In under-governed spaces — the global commons, contested zones, areas beyond the reach of any single authority — these tools could provide infrastructure for consistent alignment where none currently exists. And by creating systems where local voices can be registered in how machines behave in their spaces, spatial alignment touches something foundational about self-governance itself.
Risks
But these outcomes are not inevitable. Without rigorous spatial governance protocols for intelligent machines, we leave too much up to chance and inertia.
In the absence of deliberate effort, spatial governance will emerge anyway — but by default rather than by design. Device manufacturers will embed their own location-aware behaviours, creating a fragmented patchwork of proprietary systems with no democratic input and no accountability to local communities. Permissive jurisdictions will compete to attract autonomous systems with minimal oversight — flags of convenience for the AI age — and ambiguously governed spaces like the high seas and outer space will remain exploitable by those seeking to avoid oversight altogether.
Looking forward
We believe that spatial alignment and location-aware governance of intelligent machines constitutes a new field of study and practice. It is underdeveloped, undersupported, and increasingly urgent. We’ve scouted this territory and demonstrated technical feasibility across several key elements — location verification, spatial policy specification and discovery, and credible location-aware commitments. Secure hardware and programmable cryptography are key enabling technologies bringing these capabilities into the realm of possibility.

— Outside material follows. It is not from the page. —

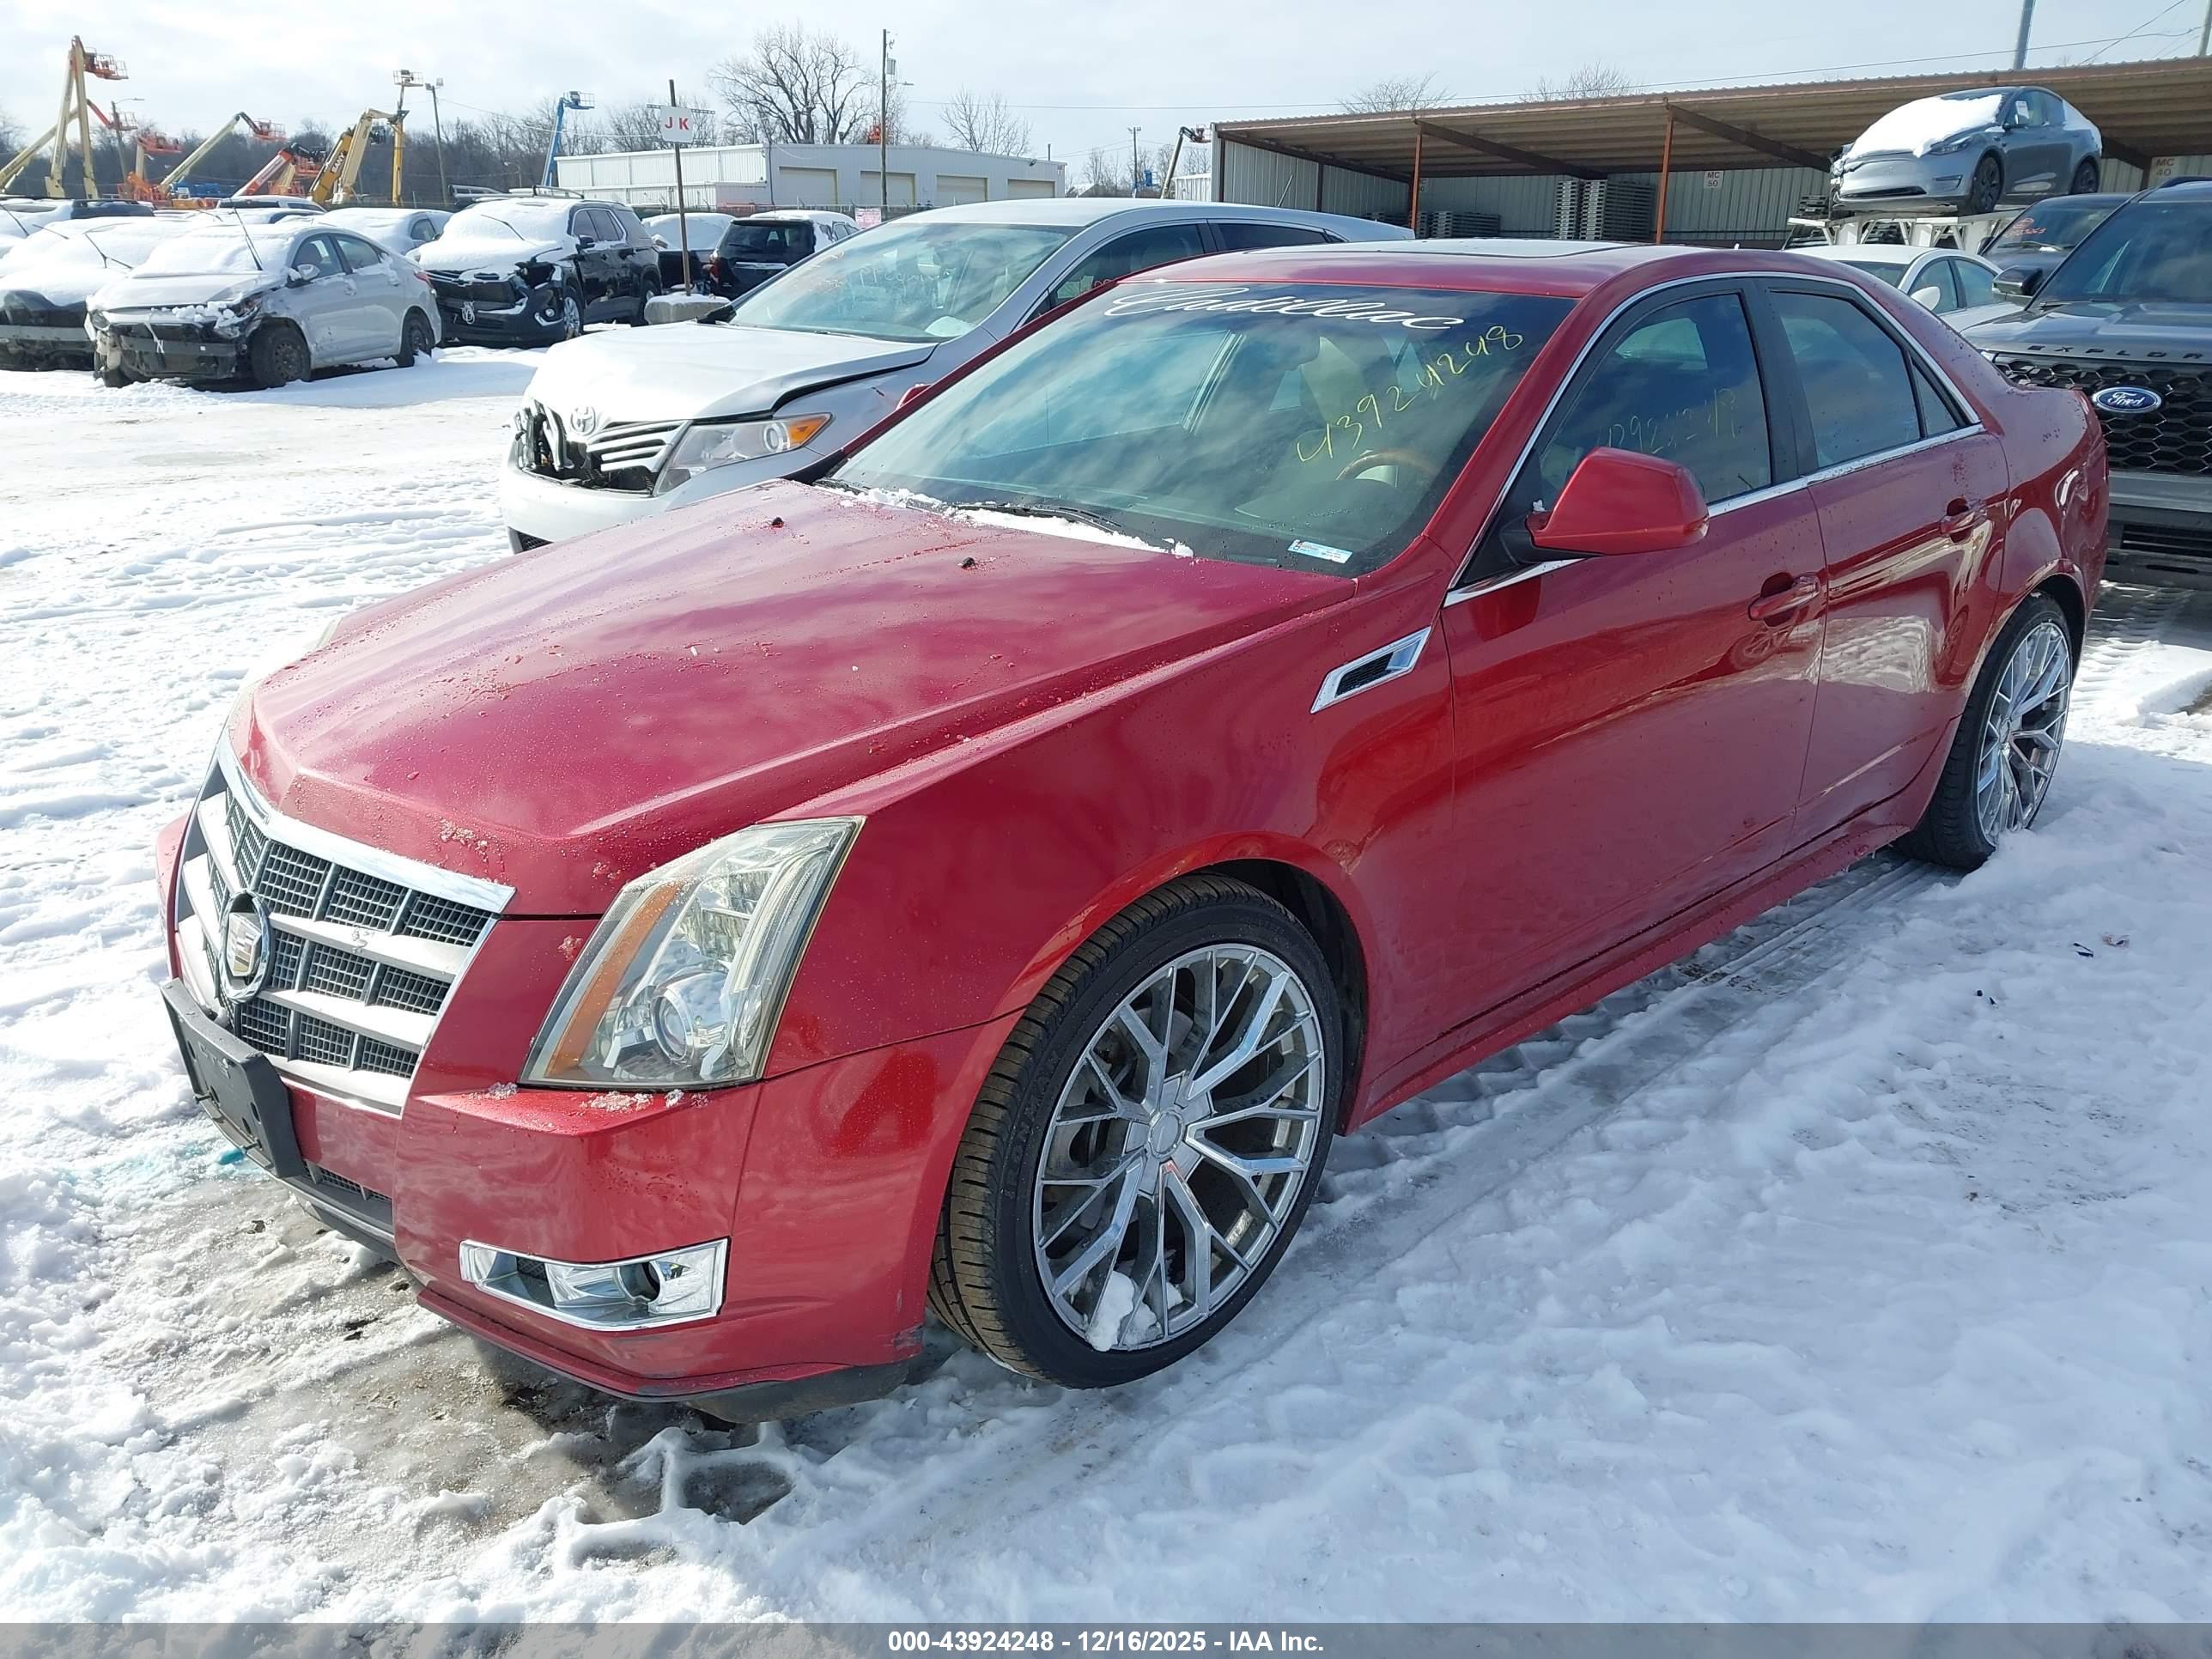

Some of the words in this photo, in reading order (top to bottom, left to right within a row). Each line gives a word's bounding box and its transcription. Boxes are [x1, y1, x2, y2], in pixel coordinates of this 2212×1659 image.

[1103, 286, 1465, 330] Cadillac
[1295, 325, 1523, 463] 43924248
[2107, 392, 2146, 407] Ford

But the technical work is only part of what’s needed. Spatial alignment raises deep interdisciplinary questions — political, legal, economic, game-theoretic, ethical — that deserve serious, sustained attention from researchers and institutions beyond our small team. To date, this work has been conducted with minimal resources and no dedicated institutional home.
As autonomous systems grow more capable, the cost of leaving these gaps grows with them. The consequences are kinetic, not informational. We believe this work warrants more investment, from both the AI safety and the international governance communities. If you’re working on adjacent problems, or if you think these are the right questions, we’d welcome the conversation.
John Hoopes
Sophia Systems
London
March 2026
John Robison Hoopes is the founder of Sophia Systems, an applied R+D lab focused on verifiable geospatial systems that leads development of the Astral Protocol. He is a Research Affiliate with Professor Taylor Oshan at the University of Maryland Geographical Sciences Department. John lives in London — you can reach him at john@sophiasystems.io.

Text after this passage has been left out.